Let's see, in molecules, you can have handedness based on the arrangement of the atoms in the same way your hands are left handed and right handed based on the arrangement of fingers. But in a soup of particles like protons, surely there's no way their arrangement can be left handed or right handed.
Considering the Big Bang was everywhere all at once, and we ended up in a universe with both right and left handed fundamental force particles, then maybe it was both.

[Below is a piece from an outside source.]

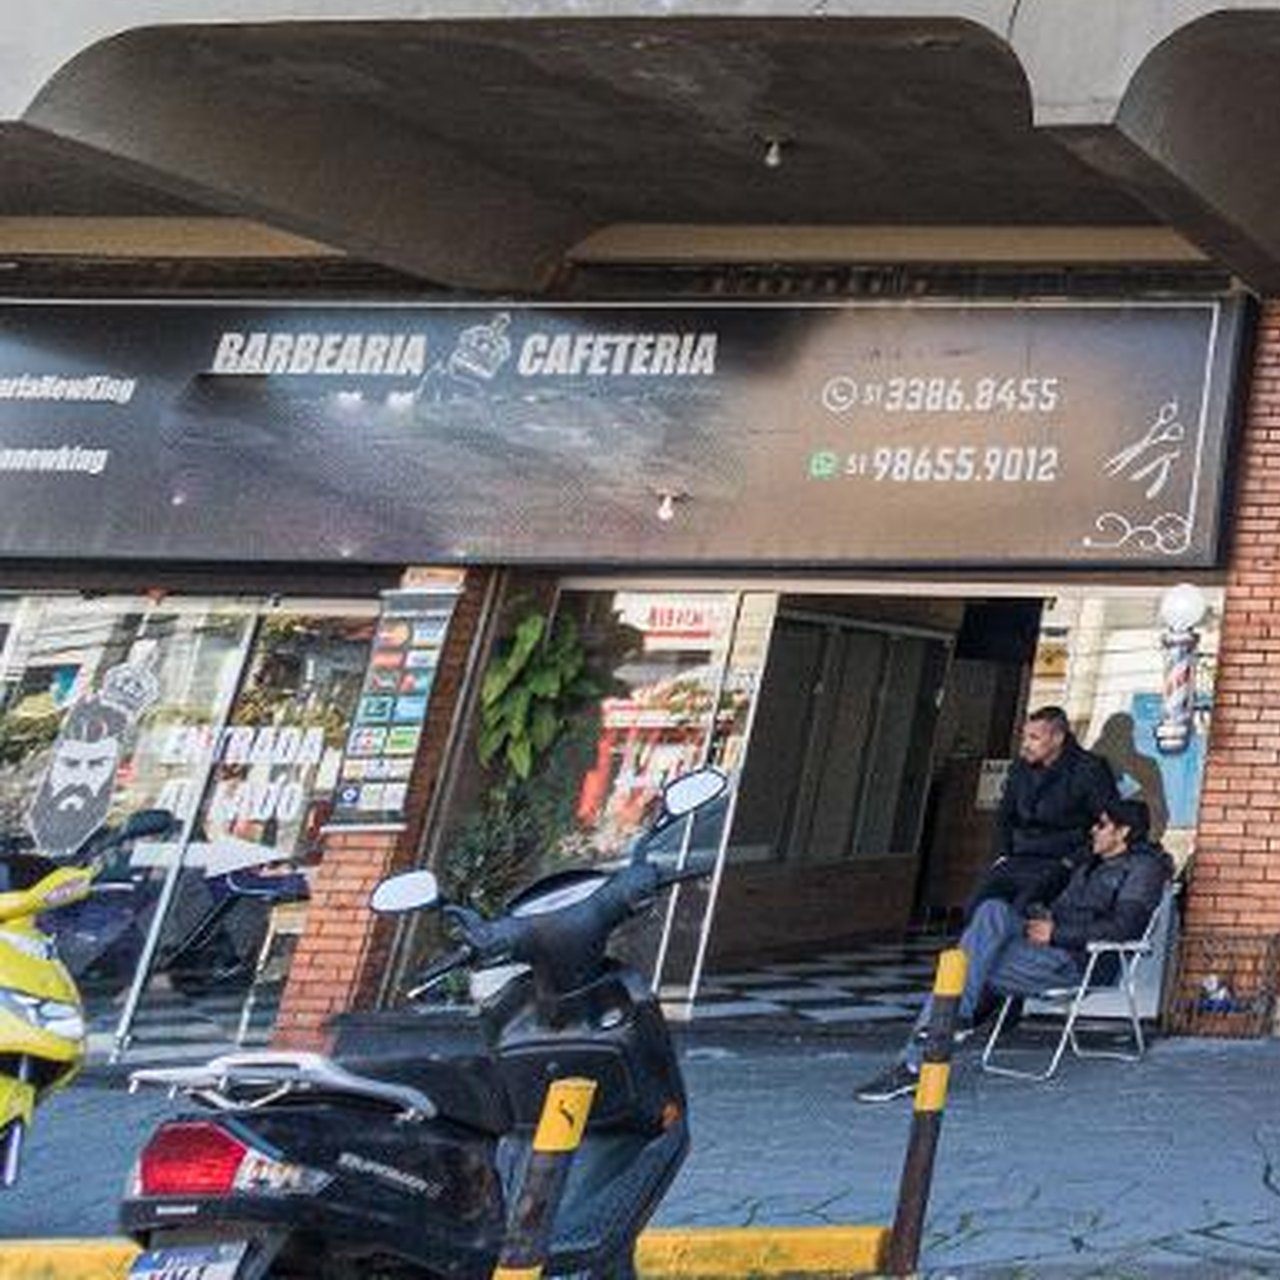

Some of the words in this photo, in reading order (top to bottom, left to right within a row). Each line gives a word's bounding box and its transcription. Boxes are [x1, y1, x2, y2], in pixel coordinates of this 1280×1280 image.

So I feel like the intuition here from the answers tends to be that folks think the Big Bang was probably not left handed and produced an equal amount approximately of left and right handed molecules. That totally matches my intuition as well, but is not actually the answer, right.
Yeah, it reveals something about our prejudice, what we think is natural, what makes sense, And I think it's super fascinating in science what answers people will accept without further explanation because it aligns with their intuition and they're like, oh, yeah, that makes sense, And what answers require more explanation, and for a lot of people hearing oh it was symmetric, it was a balance between left and right handed, and then like, yeah, cool, of course it was. That doesn't
require any more explanation. But if you tell them no, it's left handed, or no it was right handed, then to ask why. And I think all the possible outcomes need a why. You know, why should it be symmetric? But we have this innate preference for symmetry for balance in the universe, which I think says something about us, but I'm not sure exactly what it says.
I think I would like to have you on the next panel that judges my grants. I like the way you think about this stuff.
It all needs answers, It all needs answers exactly every question is worth asking.
But yeah, it does make me wonder what questions we should be asking that would like have amazing impacts on how we view the world, but we just don't think to ask them because our gut says they make sense.
Exactly to me. This tendency suggests that there probably are questions we should be digging into more deeply, or it's just accepting the answers because they seem right to us without really understanding what's going on, and maybe in one hundred years or maybe when the aliens come, they're going to be like, why didn't you think about that more deeply? We would be like, I don't know, it just made sense.
Set right, right, man, exactly? Yeah?
All right.
Well, I think for anyone who hasn't thought of this concept yet, or anyone who was lucky enough to not have to go through chemistry, is maybe a little confused about what we mean by this handedness thing. So let's start at the beginning. What does it mean for something to have a handedness?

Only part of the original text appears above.